# mud creek location



## Duck_Dodgers (Nov 28, 2007)

Anyone tell me how to get to mud creek wma near provo airport? I have driven around trying to find it, without luck. Thanks in advance. Also is it a good place to take a canoe? Need a spot closer to utah county I can occasionally hunt. Too broke to go north every weekend.


----------



## Fowl_faith (Aug 27, 2015)

Boat ramp is closed take 1st springville exit back north on lake side down the dirt road, all the other access is closed for the new road there building for the airport.


----------



## fish-n-fool (May 26, 2009)

Duck_Dodgers said:


> Anyone tell me how to get to mud creek wma near provo airport? I have driven around trying to find it, without luck. Thanks in advance. Also is it a good place to take a canoe? Need a spot closer to utah county I can occasionally hunt. Too broke to go north every weekend.

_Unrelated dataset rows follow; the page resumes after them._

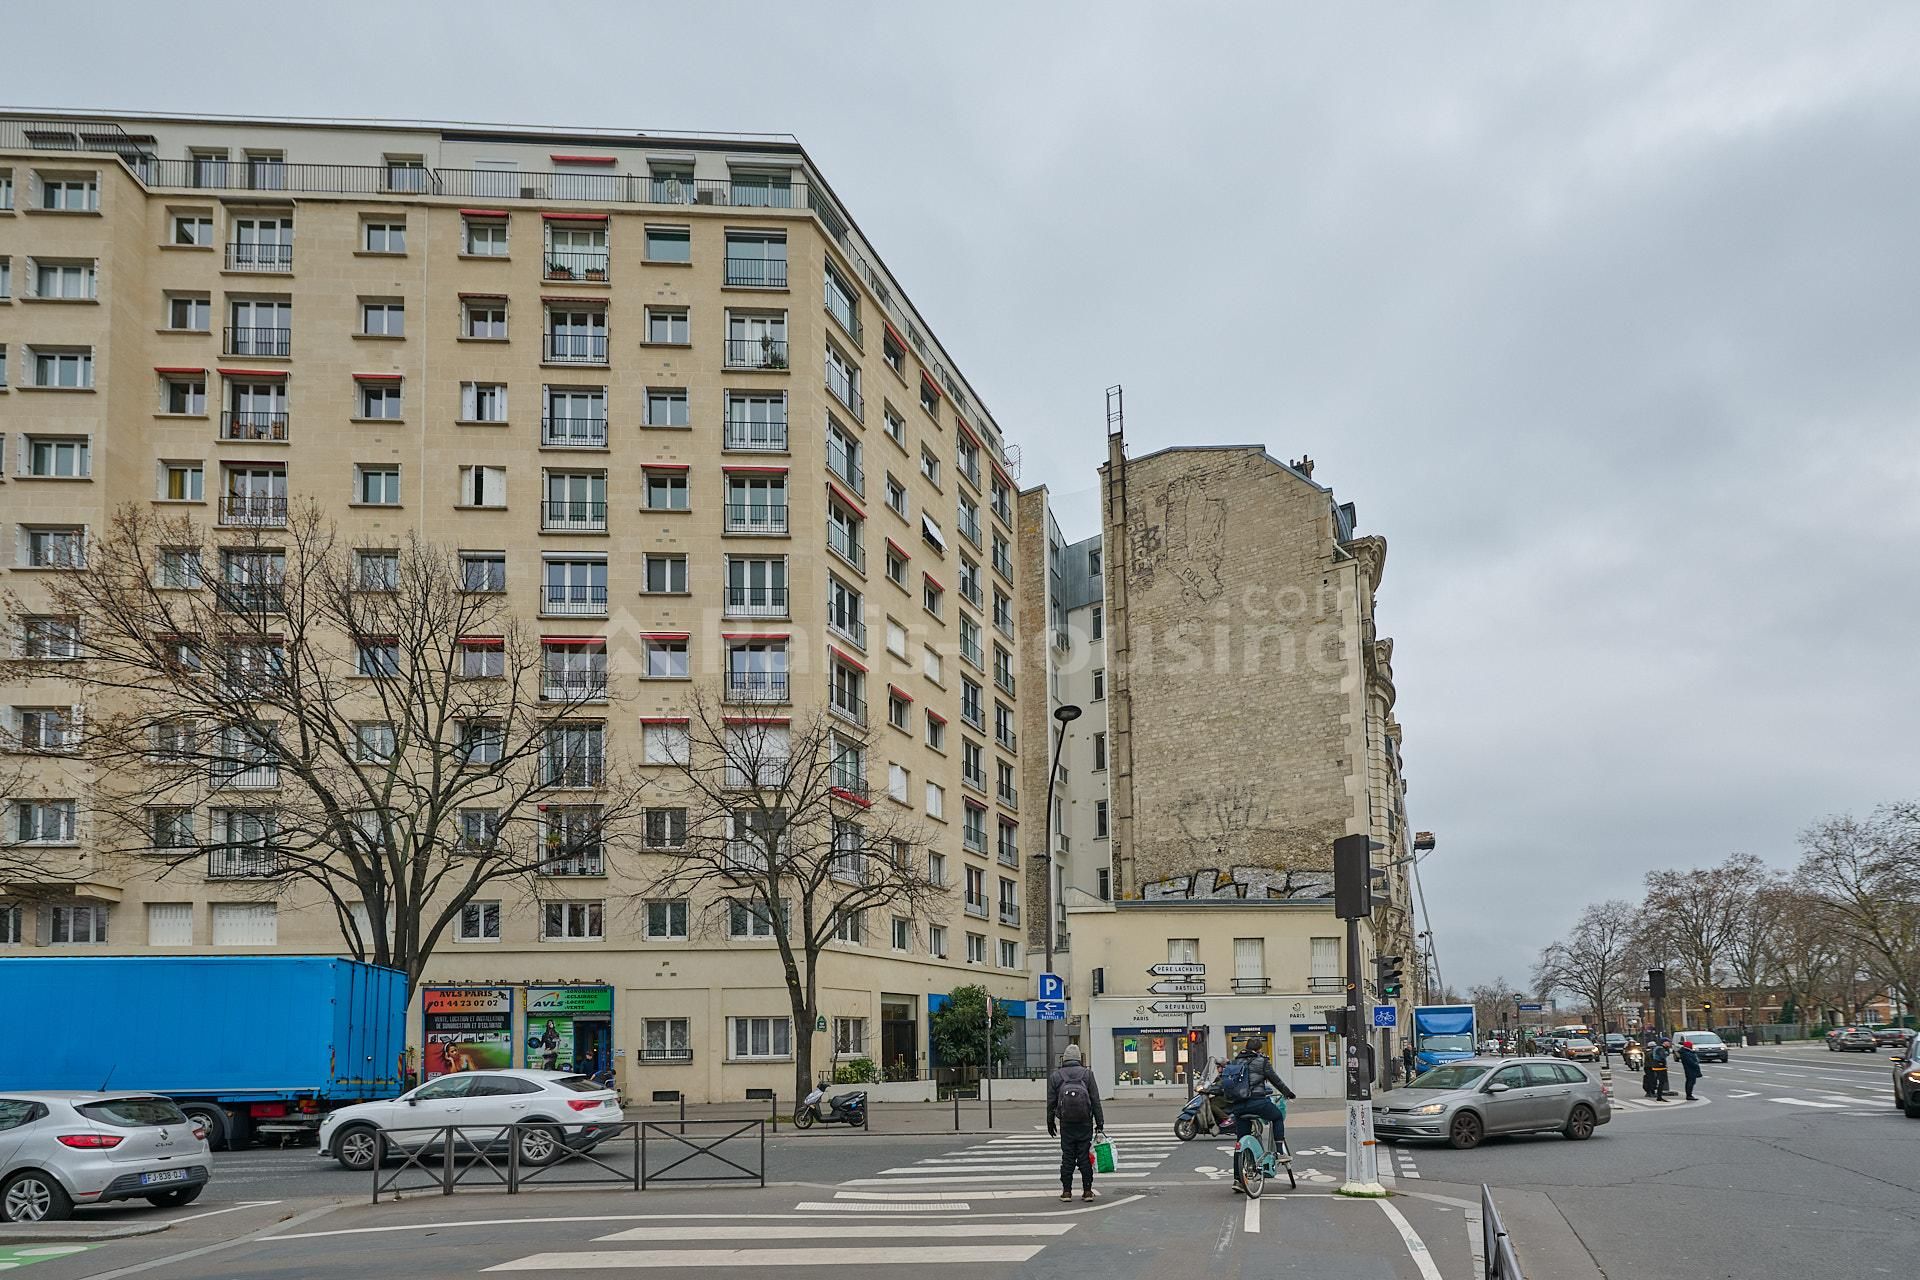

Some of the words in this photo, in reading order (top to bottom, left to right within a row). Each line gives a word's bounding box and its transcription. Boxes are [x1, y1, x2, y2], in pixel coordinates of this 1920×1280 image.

[1046, 978, 1057, 996] P
[439, 990, 462, 998] AVLS
[465, 990, 493, 998] PARIS
[460, 999, 472, 1007] 73
[473, 999, 485, 1007] 07
[487, 999, 498, 1007] 07
[533, 1000, 564, 1008] AVLS

I'm sure you are talking about Mud Lake aka Provo Bay

There are a few more around the south side of the bay also. It is extremly low and the MUD IS DEEP especially out the springville access point. it's called millrace if you want to see where it is located.

P.S. The MUD IS DEEEEEPPPPP!! you will sink up to your crotch in it.


----------



## Duck_Dodgers (Nov 28, 2007)

I heard the mud is deep. I tried to find it earlier but got lost due to construction. Is it worth going if you have a canoe? Can you work around the mud?


----------



## Fowl_faith (Aug 27, 2015)

It's to shallow to float.


----------



## fish-n-fool (May 26, 2009)

Fowl_faith said:


> It's to shallow to float.


+ 1 
I went out the airport dike to take a look and there is an inch of water about 1/2 mile wide down the center of the bay. it's way to low to hunt and there was very few ducks out there. Bad year to be hunting in Utah county.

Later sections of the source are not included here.